Старый король не успел договорить и с лица его еще не сбежала улыбка, когда телега, стукнувшись о камень, свернула на проселок. Кляча Петра радостно заржала, почувствовав близость дома.
Вскоре телега остановилась, и крестьянин сказал своим седокам:
– Ну, король и вы все, слезайте! Приехали!
– Как! Куда! – загалдели гномы, вертя головами и вытягивая шеи. – Ведь здесь ничего нет!
– Как это ничего? – возразил Петр. – Вот мой дом, чего же вам еще!
Забрезжил рассвет.
Видят гномы: стоит низенькая, убогая мазанка, соломенная крыша скособочилась, свисает чуть ли не до земли, дыры ветками заткнуты, плетень вот-вот в бурьян завалится, а над плетнем высокая ива простирает ветви, словно руки; в запущенном саду – вишни в белом цвету. И надо всем – дружное кваканье лягушек и заливистое щелканье соловья, встречающего зарю.
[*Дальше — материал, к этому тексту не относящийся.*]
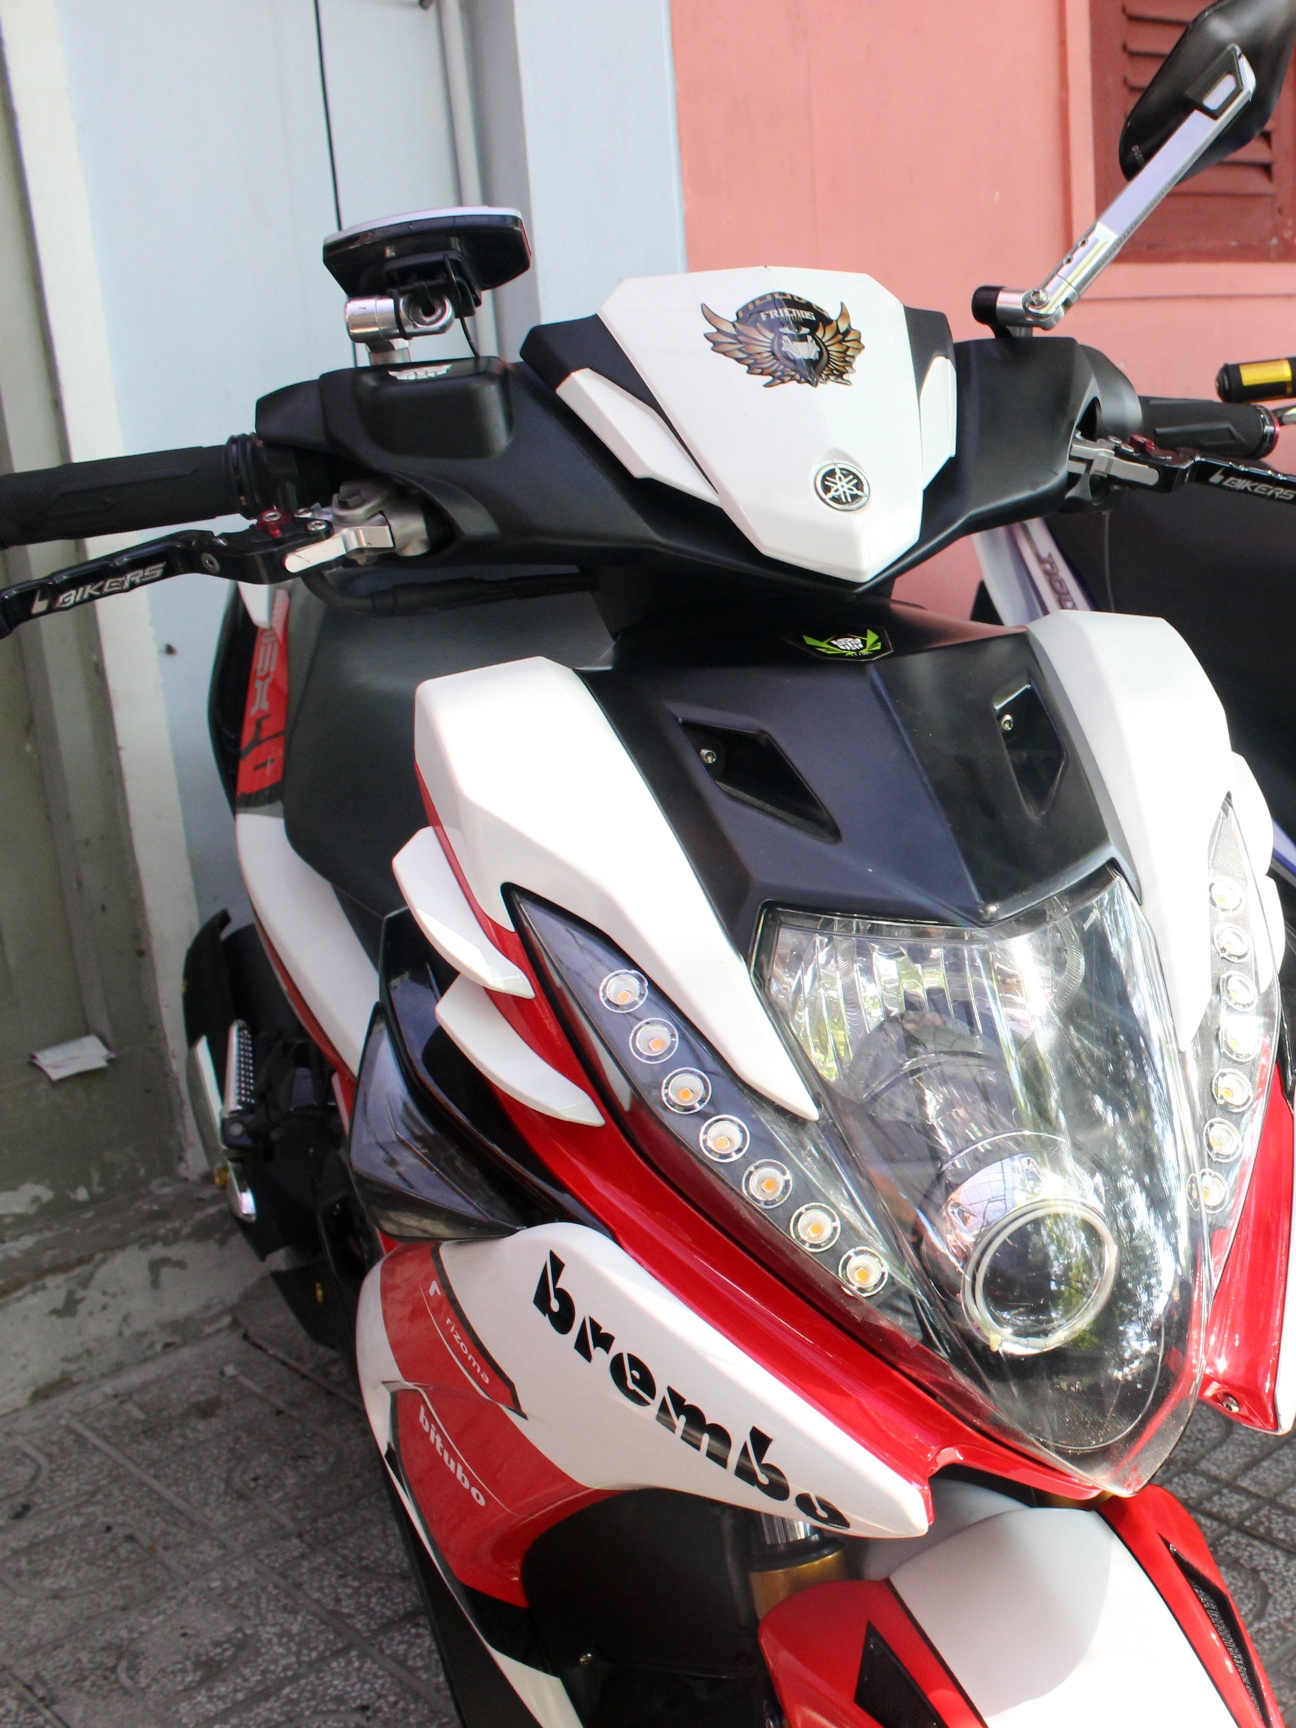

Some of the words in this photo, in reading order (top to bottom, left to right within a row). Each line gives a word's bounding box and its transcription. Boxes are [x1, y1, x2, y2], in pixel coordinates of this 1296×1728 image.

– Ты что, шутишь, что ли? – закричали гномы.
– Чего мне шутить? – равнодушно отозвался Петр. – Вот хата, вот лес, вот ручей; кто хочет, оставайся, а кому не нравится – скатертью дорога! И стал распрягать лошадь. Потом достал воды из колодца, вылил в колоду, как будто никаких гномов и в помине нет. – Что же мы будем есть в этой дыре? – спрашивают они.
– Мои дети с голоду не померли, и вы не помрете!
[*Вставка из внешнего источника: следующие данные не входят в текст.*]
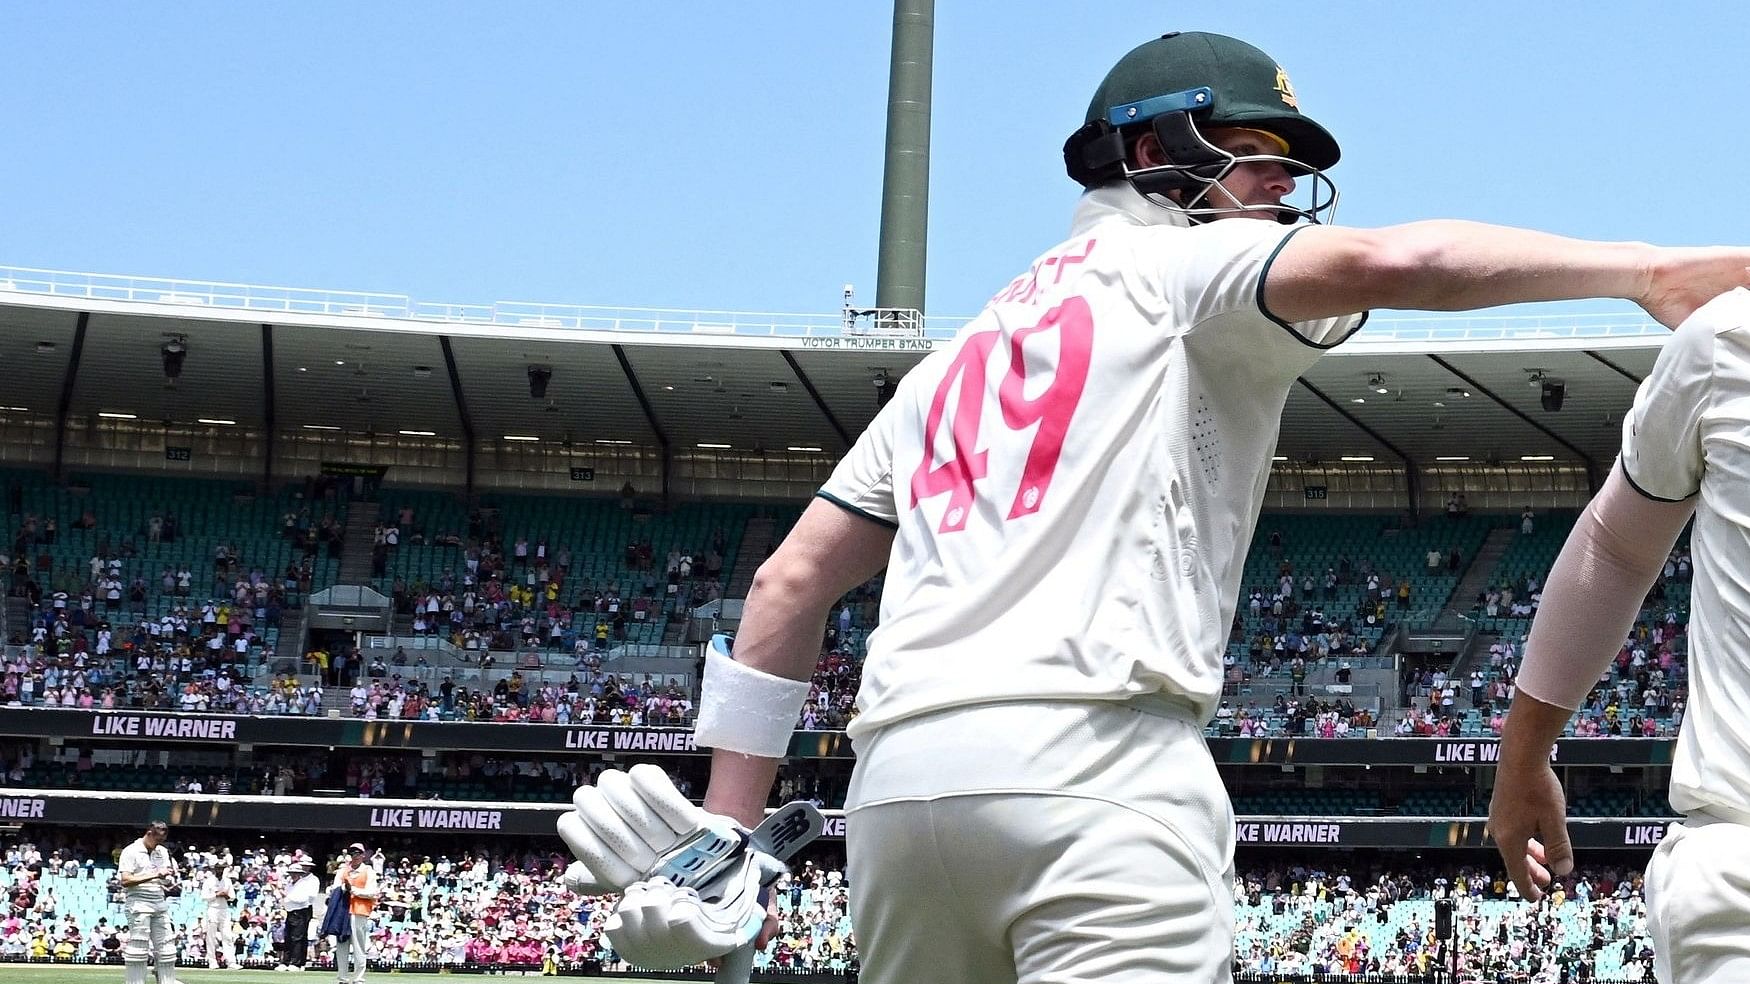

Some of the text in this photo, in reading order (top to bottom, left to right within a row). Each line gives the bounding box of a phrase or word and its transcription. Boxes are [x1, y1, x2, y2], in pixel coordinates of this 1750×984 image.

[802, 338, 933, 350] VICTOR TRUMPER STAND
[910, 295, 1095, 535] 49
[92, 716, 236, 738] LIKE WARNER
[565, 730, 697, 750] LIKE WARNER
[1435, 744, 1476, 762] LIKE
[0, 798, 46, 818] NER
[370, 808, 502, 830] LIKE WARNER
[1264, 824, 1340, 842] WARNER
[1624, 826, 1664, 844] LIKE
– А куда мы сокровища денем? – не унимаются гномы. – Маковая головка невелика, поди, и то в ней сто раз по тысяче зернышек умещается!
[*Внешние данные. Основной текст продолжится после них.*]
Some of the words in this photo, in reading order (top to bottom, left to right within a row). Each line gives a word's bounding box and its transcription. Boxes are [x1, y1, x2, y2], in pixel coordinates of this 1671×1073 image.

– А король? Где же мы короля поселим? – опять закричали гномы. – Вон солнышко познатней вашего короля, а моей бедностью не брезгает, каждый день в хату заглядывает…
Тут никогда не унывающий Петрушка заплясал вокруг телеги и запел:
Под ногами бугорок,
Сверху – неба лоскуток!
Ах, зачем нам, братцы-гномы,
Терема, дворцы, хоромы!…
Но на него зашикали со всех сторон. Гномам было не до шуток, и недовольные роптали все громче.
На востоке засияла голубая утренняя звезда, и вскоре совсем рассвело.
Король Светлячок поднял свой скипетр, и свита сразу угомонилась.
– Привет тебе, приют бедности и труда! – промолвил он.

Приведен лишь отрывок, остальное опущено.